After we cast off, the boat chugged along at a stately pace. We chatted to the captain, sat back and watched the world drift by. There was a commentary along the way about the history of the Creek, but it was only in Chinese. There’s not a great deal to look at, but on a sunny afternoon it was a pretty mellow way to kill a couple of hours and see the backside of Shanghai.
There are plans to extend the cruise all the way out to Waibaidu Bridge, at the top of the Bund, but that section isn’t open yet. For now you’ll just get the north west of the city. Mostly it's housing estates but there's the odd little reminder of things past.
So... Worth going?
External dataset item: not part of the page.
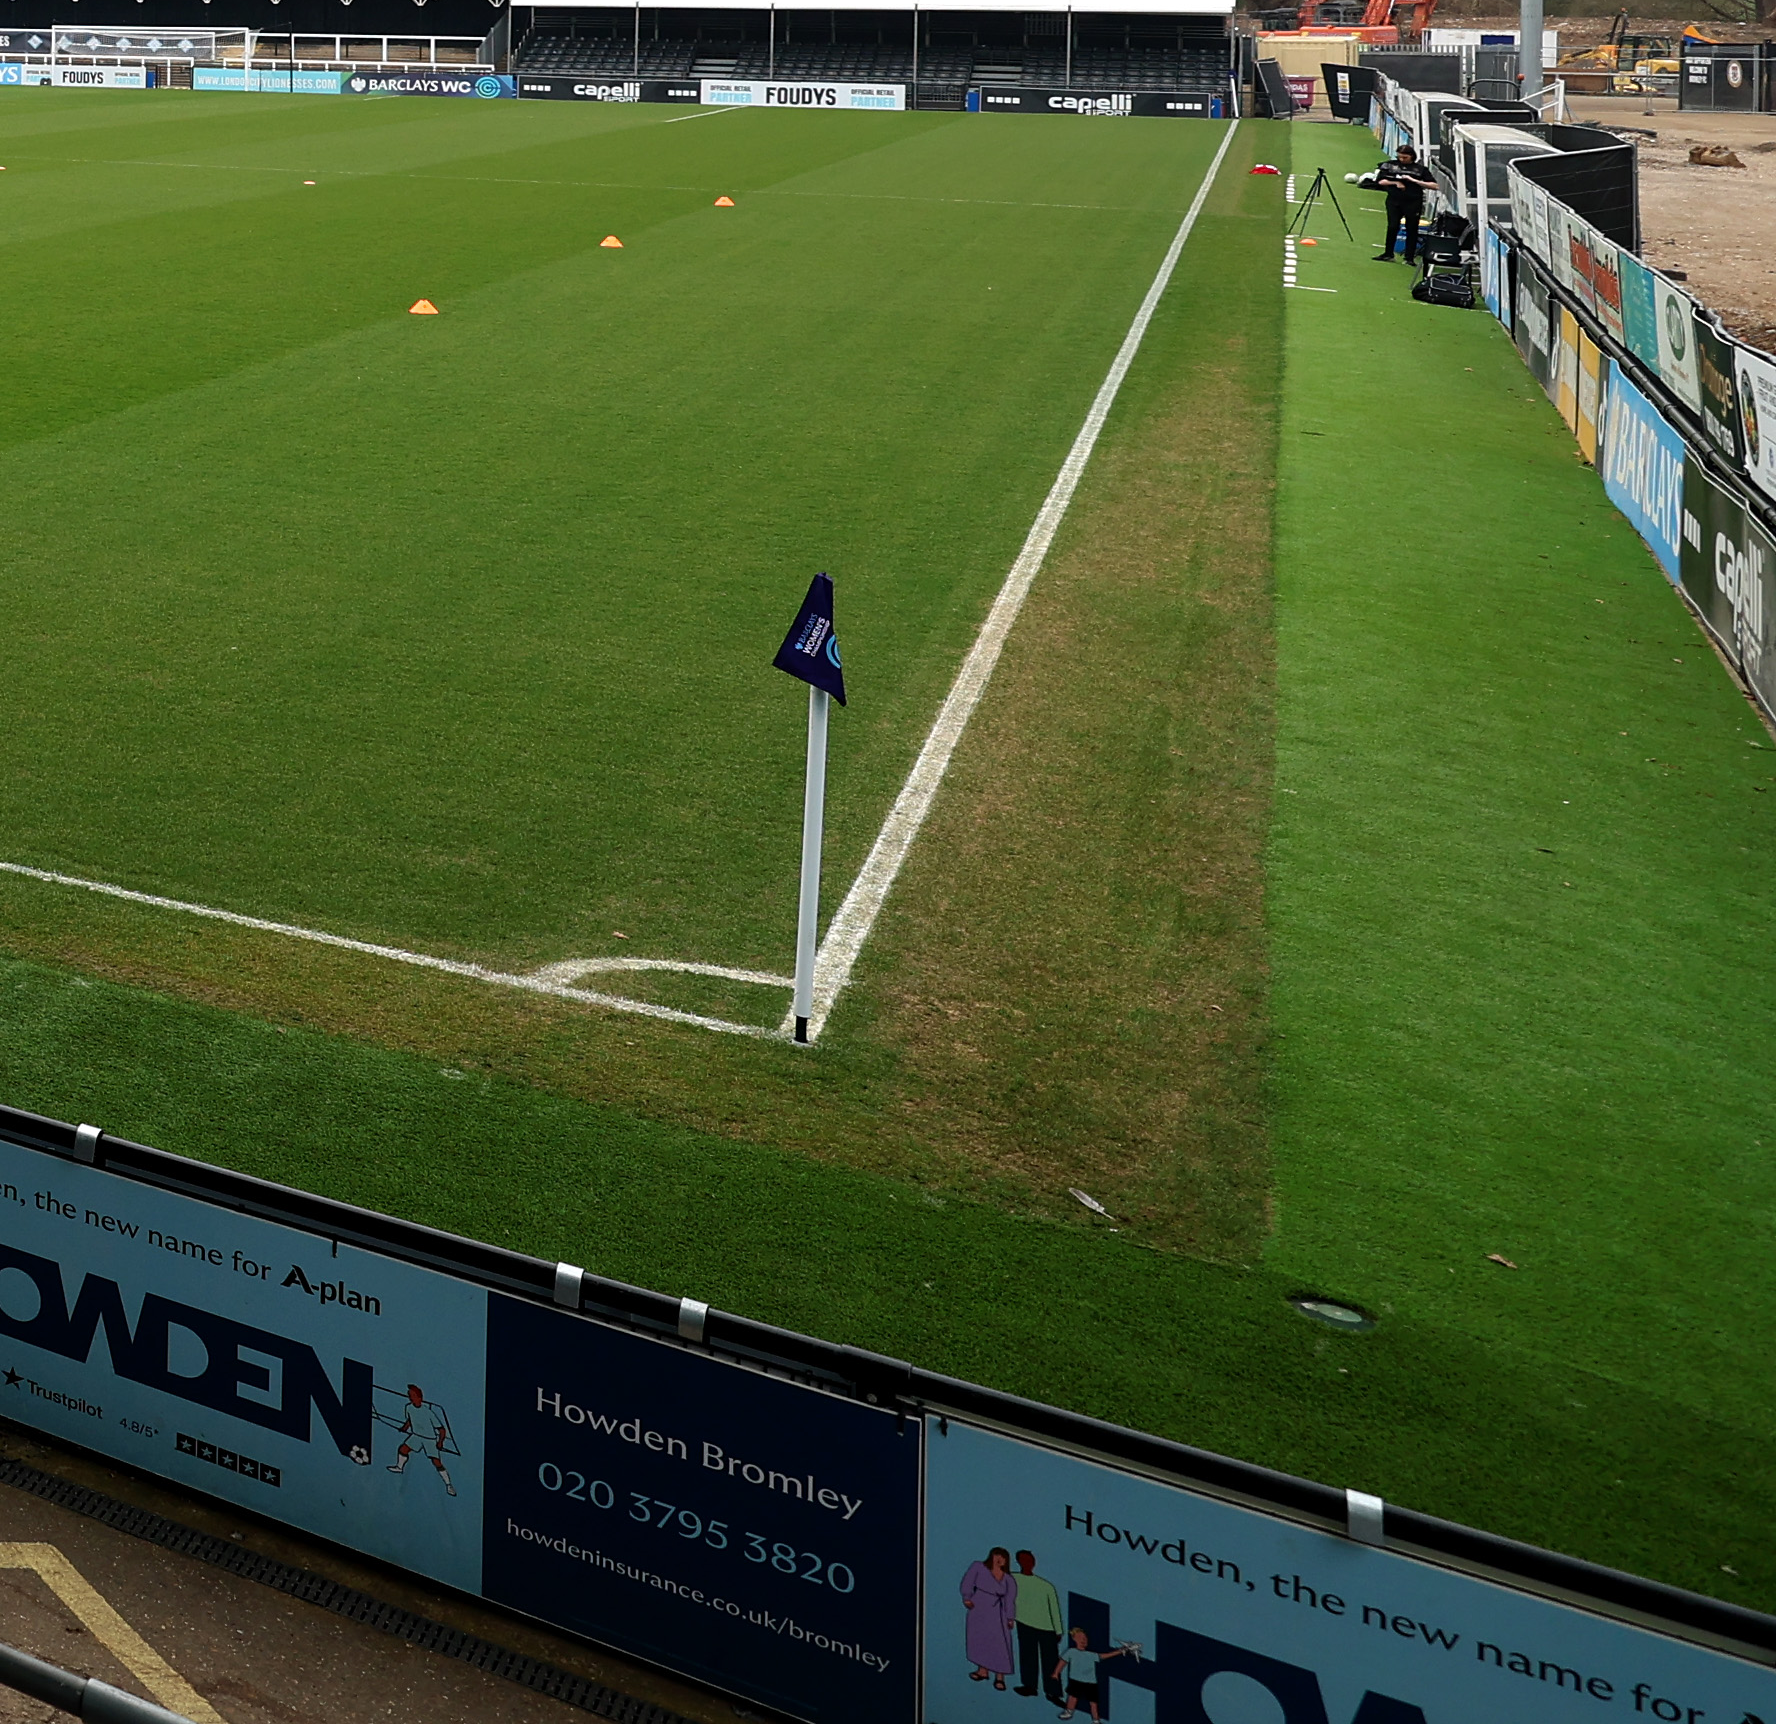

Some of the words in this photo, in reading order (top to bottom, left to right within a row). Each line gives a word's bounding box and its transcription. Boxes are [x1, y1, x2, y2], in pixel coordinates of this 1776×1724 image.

Hell, yeah. Suzhou Creek doesn’t have the most beautiful scenery in all of Shanghai, and the water is still far from sparkling clean – it would probably cause mutations if you dangled your hand over the side - but it’s come a long way from the wretched tongue of toxic sludge it once was. Plus, it’s much less touristy than the Huangpu River cruises, and trips run until 8:30pm. In the evenings, they blast up all the fancy lights along the bank, so you can cuddle up to your sweets, bathed in the reflection of neon on water.
If and when they extend it all the way out to the Bund, it will be much more convenient and could form part of a lazy, touristy day with some out-of-towners. The Shanghai municipal government will continue to develop the area (again, Jackie Chan Museum!), so we'll revisit the cruise next year to see if all the planned changes have come to pass.
DetailsThe Danba Lu dock is close to Changfeng Park in Putuo on 2690 Guangfu Xi Lu, 光复西路2690号. Bus 44 and 766 both end their westward journey at the docks, but it’s probably just easier to take a cab. It’s about 50rmb from downtown.
The Changhua Lu docks are at Yichang Lu 宜昌路1250号. Bus 76 and 105 both end at the Changhua Lu docks but, again, it’s easier just to cab it. Cruises, both ways, start at 1:30pm and the last boat leaves at 8:15pm. Full schedule is over here on their website (in Chinese).
Click those links for the docks above for maps of how to get to the terminals.
One-way tickets are 80rmb leaving from Changhua Lu and 100rmb leaving from Danba Lu dock. The round-trip is 130rmb leaving from Changhua Lu or 150rmb leaving from Danba Lu. You can also charter the boats for private tours for around 3000rmb. You know, for the boss who isn’t quite cool enough to take their company go-karting.